■ **What this task involves**
Each entry should be transcribed exactly as written, and any picture left out.

■ **Provided entries**

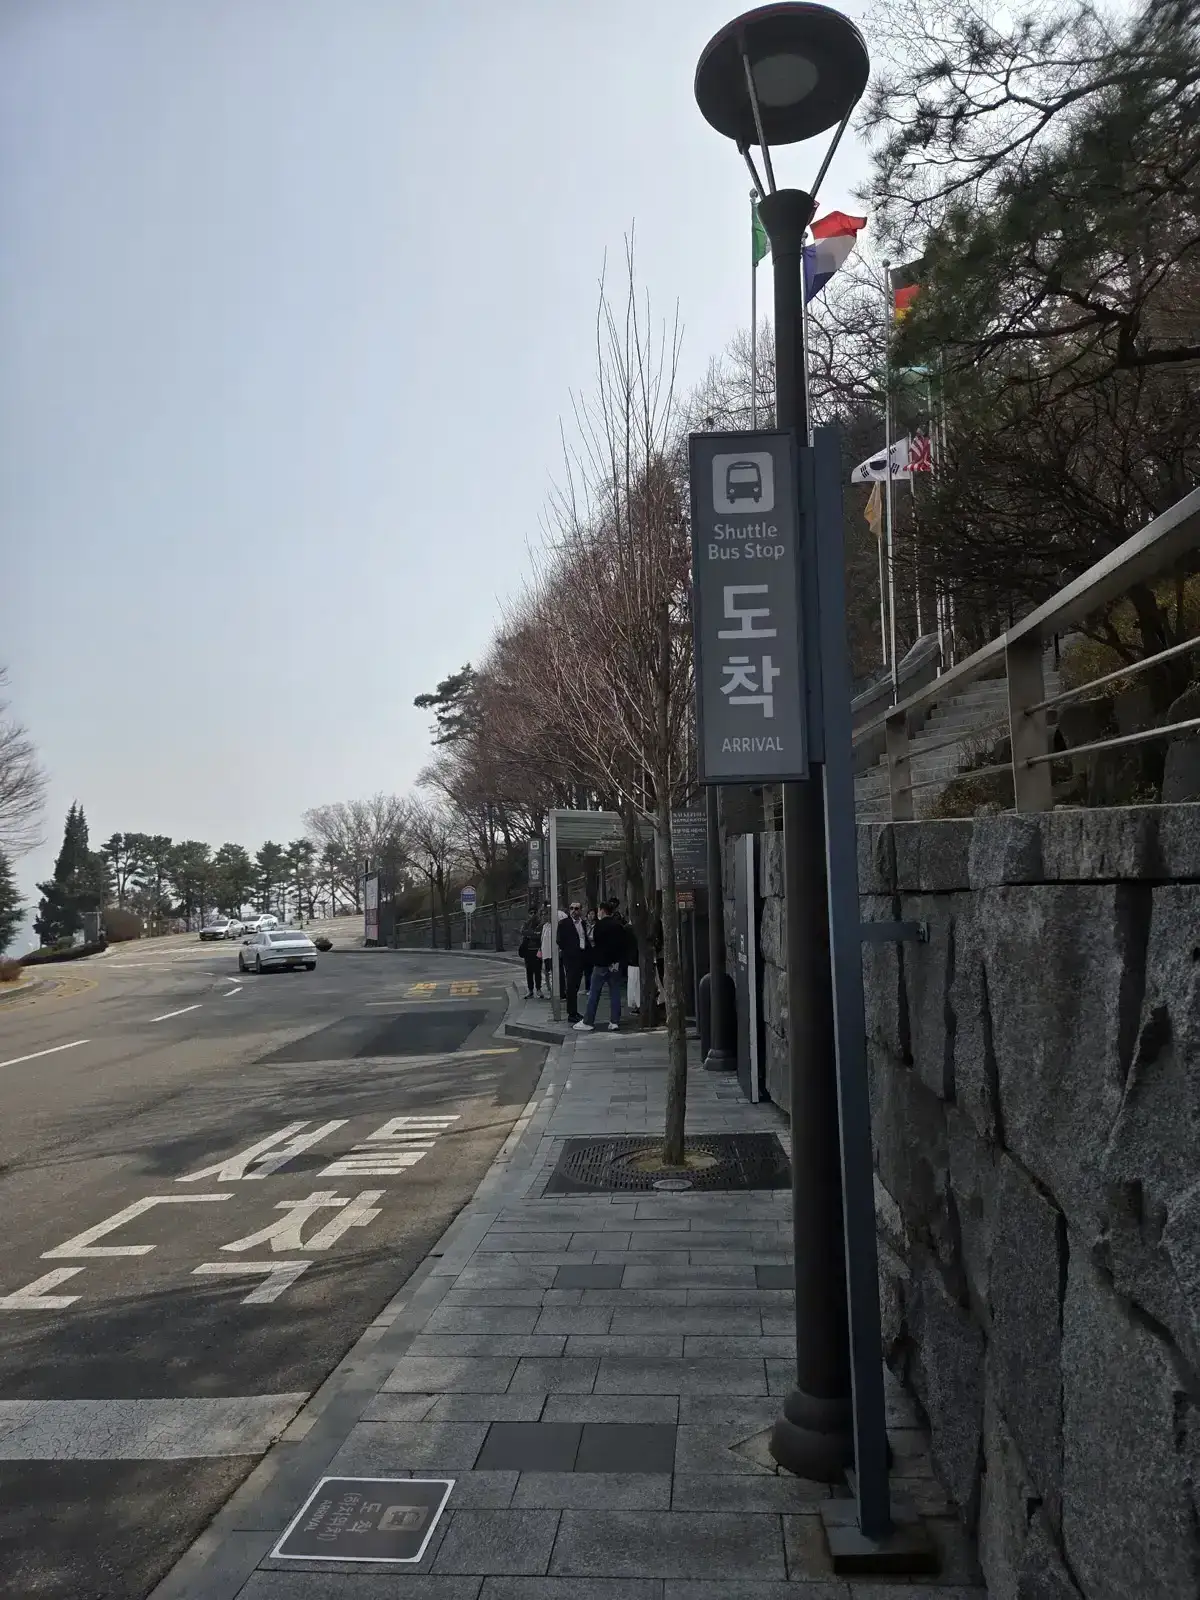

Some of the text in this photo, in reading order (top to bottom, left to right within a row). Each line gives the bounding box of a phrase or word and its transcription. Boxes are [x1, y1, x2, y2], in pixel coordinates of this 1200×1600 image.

[713, 521, 778, 540] Shuttle
[708, 542, 785, 561] Bus Stop
[717, 583, 781, 719] 도착
[721, 736, 784, 753] ARRIVAL
[174, 1115, 462, 1182] 셔틀
[303, 1499, 333, 1532] ARRIVAL

■ **Response to this exercise**
Some of the text in this photo, in reading order (top to bottom, left to right within a row). Each line gives the bounding box of a phrase or word and its transcription. Boxes are [x1, y1, x2, y2], in pixel coordinates of this 1200×1600 image.

[713, 521, 778, 540] Shuttle
[708, 542, 785, 561] Bus Stop
[717, 583, 781, 719] 도착
[721, 736, 784, 753] ARRIVAL
[174, 1115, 462, 1182] 셔틀
[303, 1499, 333, 1532] ARRIVAL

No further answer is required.